[[ Records provided open ]]
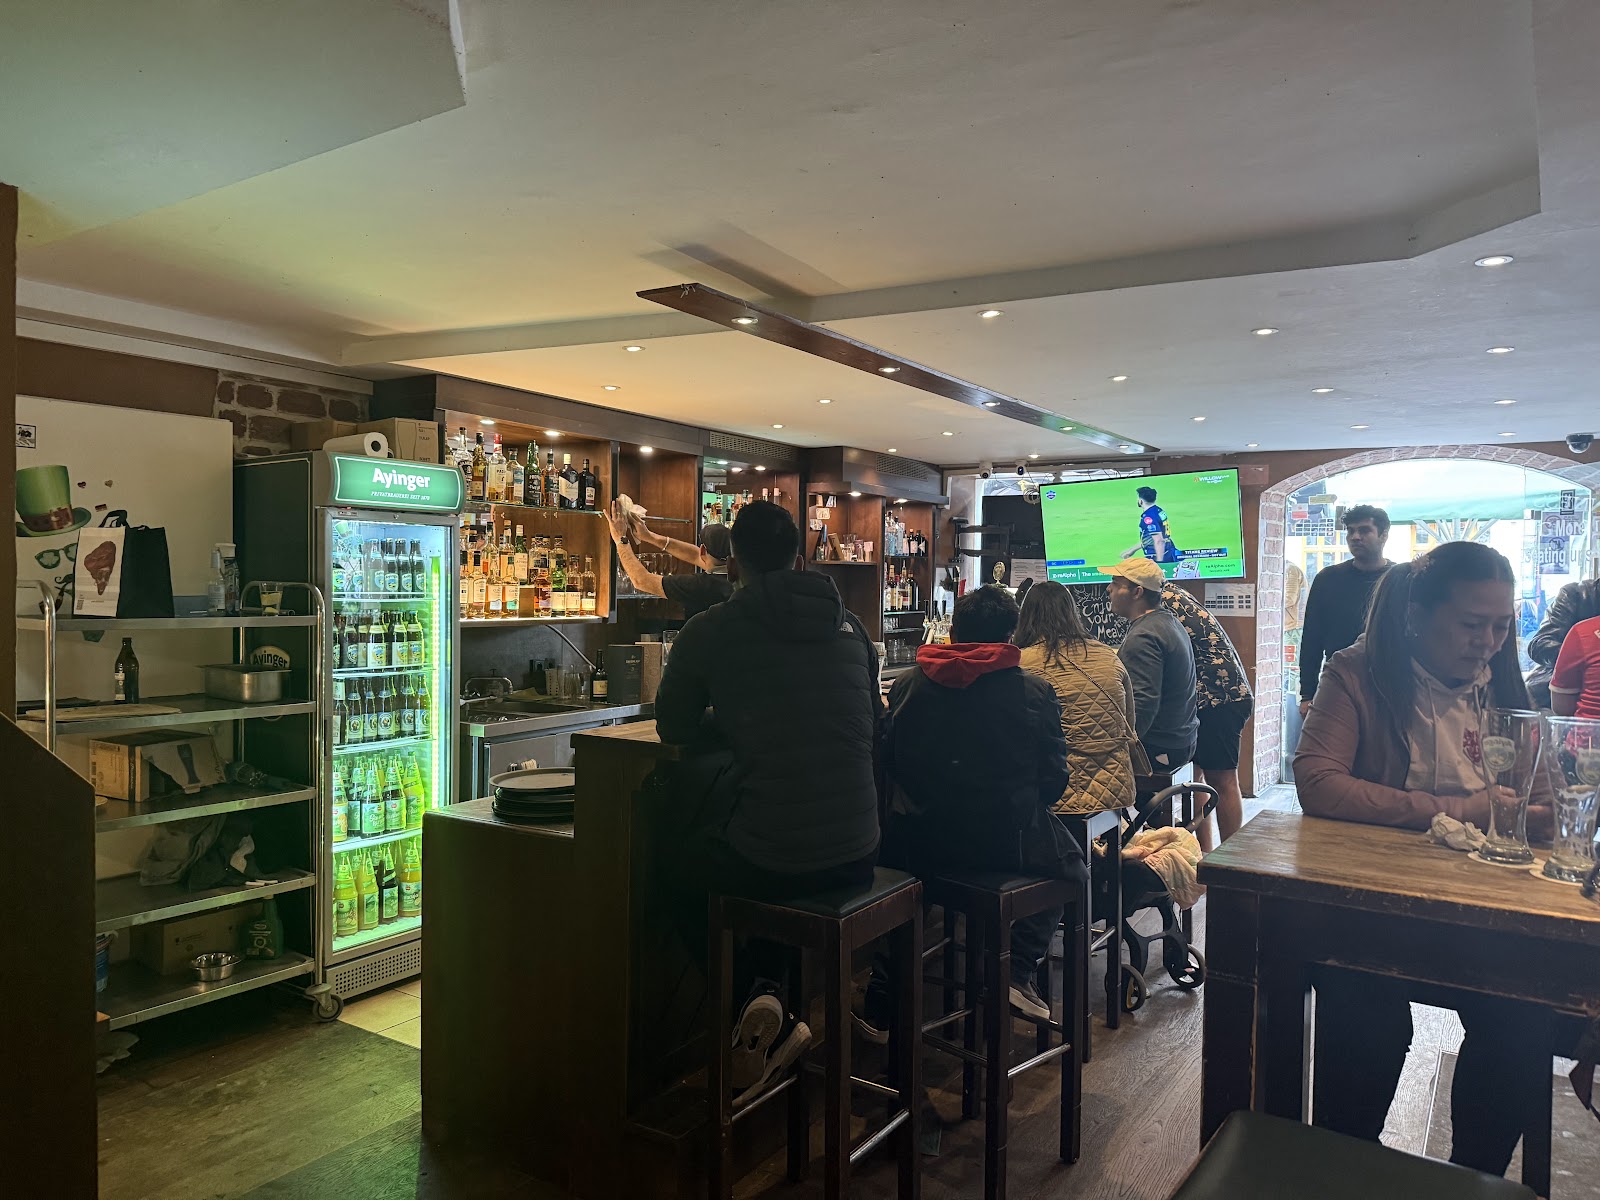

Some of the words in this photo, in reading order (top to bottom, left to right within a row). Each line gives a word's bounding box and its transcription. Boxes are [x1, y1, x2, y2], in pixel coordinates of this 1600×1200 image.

[372, 467, 430, 491] Ayinger
[1556, 519, 1585, 537] More
[1525, 547, 1566, 567] Seating
[1082, 600, 1113, 617] Enjo
[[ Records provided closed ]]
Task prompt: Omit the pictures and reproduce the listing exactly.

Reply:
Some of the words in this photo, in reading order (top to bottom, left to right within a row). Each line gives a word's bounding box and its transcription. Boxes are [x1, y1, x2, y2], in pixel coordinates of this 1600×1200 image.

[372, 467, 430, 491] Ayinger
[1556, 519, 1585, 537] More
[1525, 547, 1566, 567] Seating
[1082, 600, 1113, 617] Enjo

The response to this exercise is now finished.